Turunnya belanja perpajakan ini kontras dengan segudang insentif yang disediakan oleh pemerintah untuk meringankan beban wajib pajak dalam menghadapi resesi ekonomi pada tahun lalu.

Insentif itu di antaranya PPh Pasal 21, PPh Pasal 22 Impor, angsuran PPh Pasal 25, hingga Restitusi PPN. Belum lagi insentif reguler yang disediakan pemerintah seperti tax holiday dan tax allowance.

Direktur Penyuluhan, Pelayanan, dan Hubungan Masyarakat Ditjen Pajak Kementerian Keuangan Neilmaldrin Noor tidak menjawab pertanyaan yang disampaikan Bisnis terkait dengan turunnya belanja perpajakan pada tahun lalu.

Dia juga tidak merespons pertanyaan Bisnis, apakah kondisi ini disebabkan karena rendahnya serapan insentif pajak yang disediakan oleh pemerintah pada tahun pertama pandemi Covid-19 berlangsung.

Adapun Staf Khusus Menteri Keuangan Bidang Komunikasi Strategis Yustinus Prastowo mengatakan turunnya belanja perpajakan pada 2020 sejalan dengan merosotnya output ekonomi nasional.

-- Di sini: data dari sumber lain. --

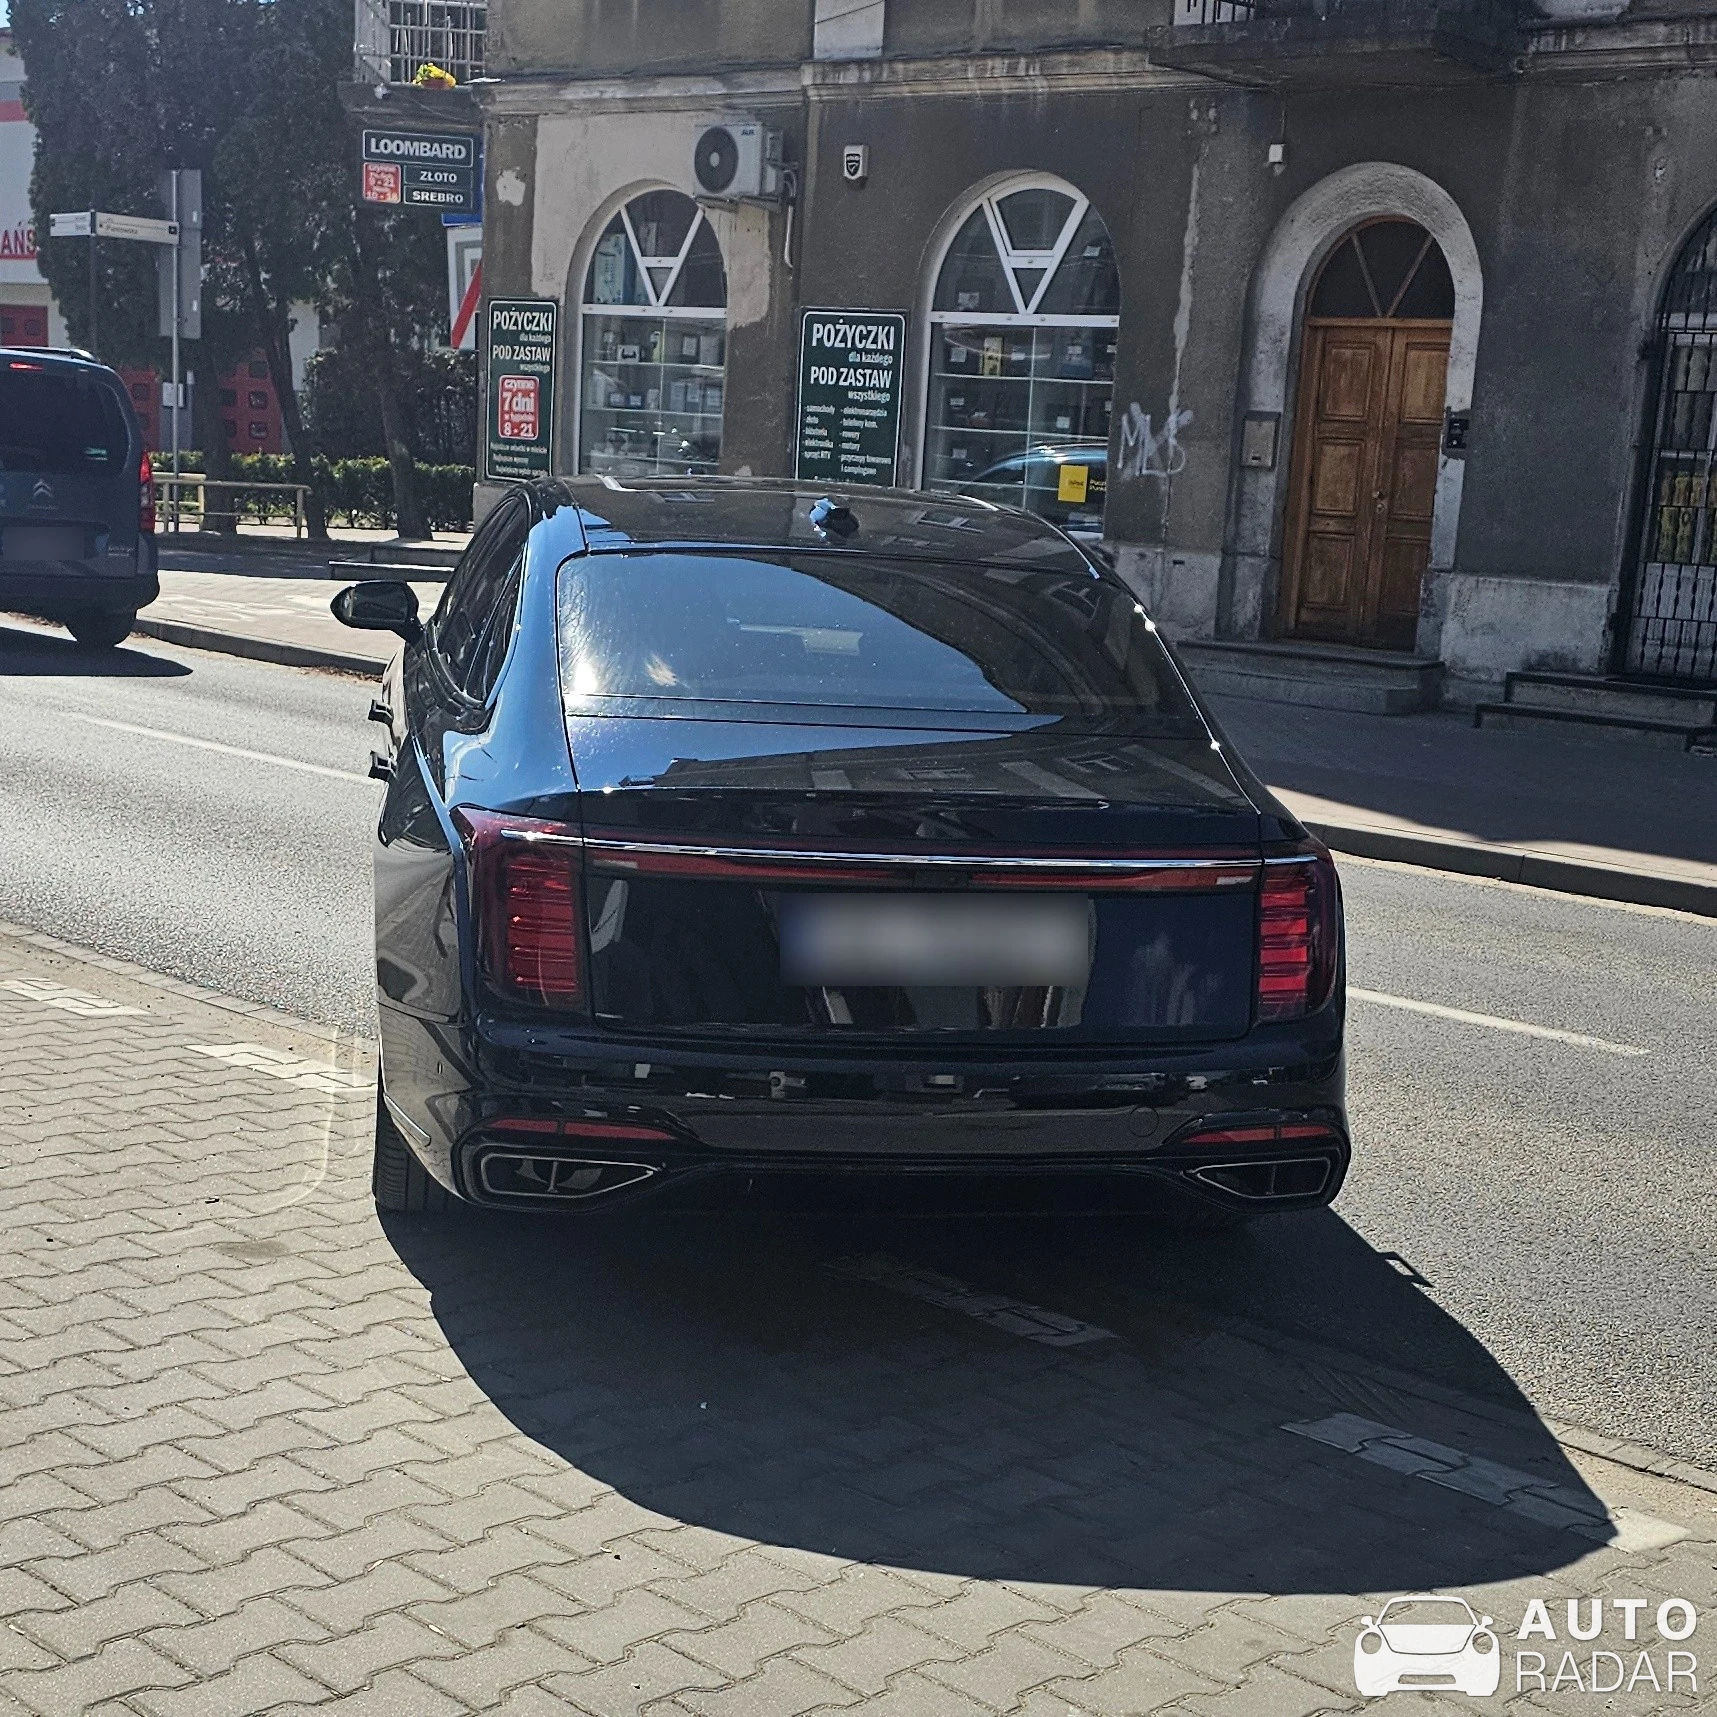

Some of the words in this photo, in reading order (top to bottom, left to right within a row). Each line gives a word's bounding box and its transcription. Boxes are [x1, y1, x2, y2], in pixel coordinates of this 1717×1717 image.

Prastowo menambahkan, selain itu penurunan tax expenditure juga bisa disebabkan oleh komponen belanja berupa insentif khusus yang masuk ke dalam kategori pengecualian.

“Kemungkinan ada pada komponen tax expenditure yang noninsentif khusus pada tahun lalu, misalnya pengecualian atau fasilitas lain,” kata dia kepada Bisnis, Rabu (18/8).

Bisnis mencatat, pada Juni lalu Kepala Badan Kebijakan Fiskal Kementerian Keuangan Febrio Nathan Kacaribu mengestimasi belanja perpajakan 2020 berada di kisaran sekitar 1,5%—1,6% terhadap PDB.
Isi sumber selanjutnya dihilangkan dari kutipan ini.